[Stored data entries]
• • • • • • •

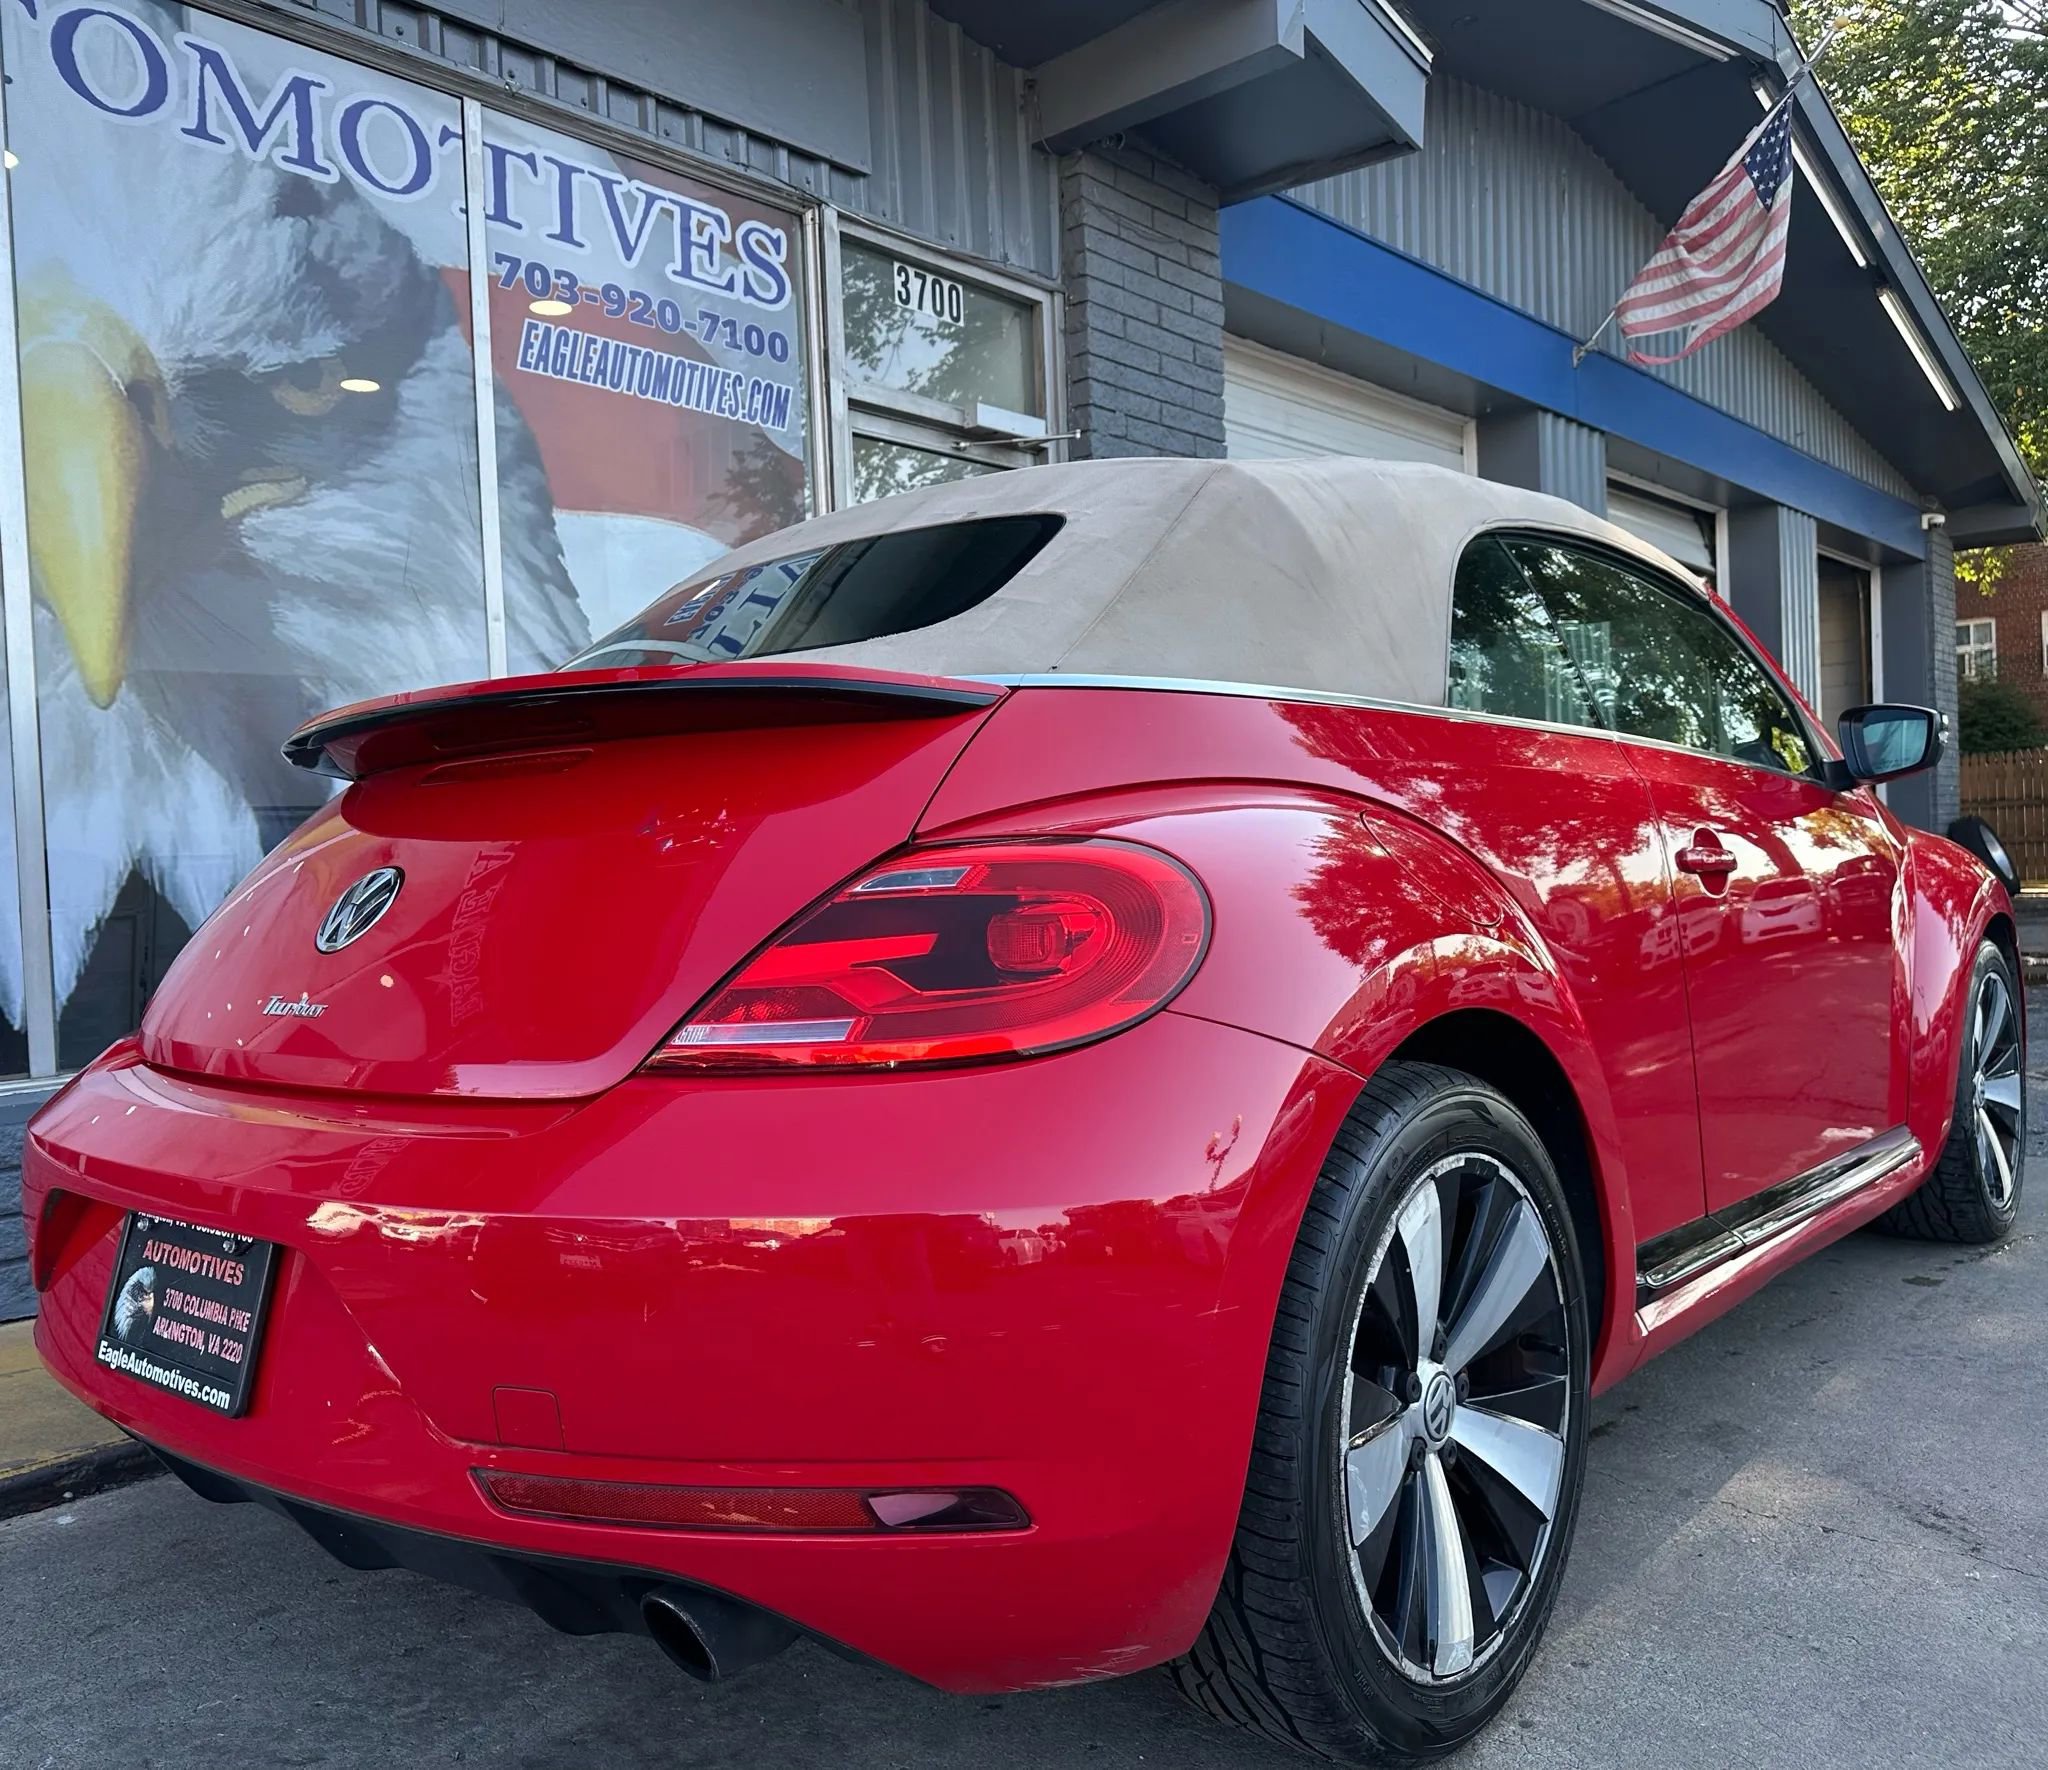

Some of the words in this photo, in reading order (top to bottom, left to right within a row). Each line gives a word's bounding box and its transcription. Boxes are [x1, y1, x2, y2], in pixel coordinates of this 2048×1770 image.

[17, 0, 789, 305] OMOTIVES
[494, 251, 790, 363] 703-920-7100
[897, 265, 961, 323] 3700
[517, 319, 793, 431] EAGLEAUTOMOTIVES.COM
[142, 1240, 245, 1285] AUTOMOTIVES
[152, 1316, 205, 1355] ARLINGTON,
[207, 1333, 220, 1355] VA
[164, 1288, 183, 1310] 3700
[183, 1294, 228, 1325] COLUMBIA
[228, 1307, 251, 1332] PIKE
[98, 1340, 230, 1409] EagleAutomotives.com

• • • • • • •

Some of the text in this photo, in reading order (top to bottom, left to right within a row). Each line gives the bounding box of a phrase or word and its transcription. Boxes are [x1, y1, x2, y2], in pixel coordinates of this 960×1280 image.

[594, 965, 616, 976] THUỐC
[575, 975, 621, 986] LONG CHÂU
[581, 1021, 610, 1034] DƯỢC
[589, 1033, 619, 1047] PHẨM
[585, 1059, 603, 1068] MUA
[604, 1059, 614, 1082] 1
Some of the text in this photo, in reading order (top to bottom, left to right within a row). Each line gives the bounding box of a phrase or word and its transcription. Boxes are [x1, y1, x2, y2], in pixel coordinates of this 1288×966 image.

• • • • • • •

> Your task
Copy word for word the stretch of entries above from the line that has "this 960×1280 image." through the line that has "this 1288×966 image.", both ends included, and nothing outside it.

> Response for this exercise
Some of the text in this photo, in reading order (top to bottom, left to right within a row). Each line gives the bounding box of a phrase or word and its transcription. Boxes are [x1, y1, x2, y2], in pixel coordinates of this 960×1280 image.

[594, 965, 616, 976] THUỐC
[575, 975, 621, 986] LONG CHÂU
[581, 1021, 610, 1034] DƯỢC
[589, 1033, 619, 1047] PHẨM
[585, 1059, 603, 1068] MUA
[604, 1059, 614, 1082] 1
Some of the text in this photo, in reading order (top to bottom, left to right within a row). Each line gives the bounding box of a phrase or word and its transcription. Boxes are [x1, y1, x2, y2], in pixel coordinates of this 1288×966 image.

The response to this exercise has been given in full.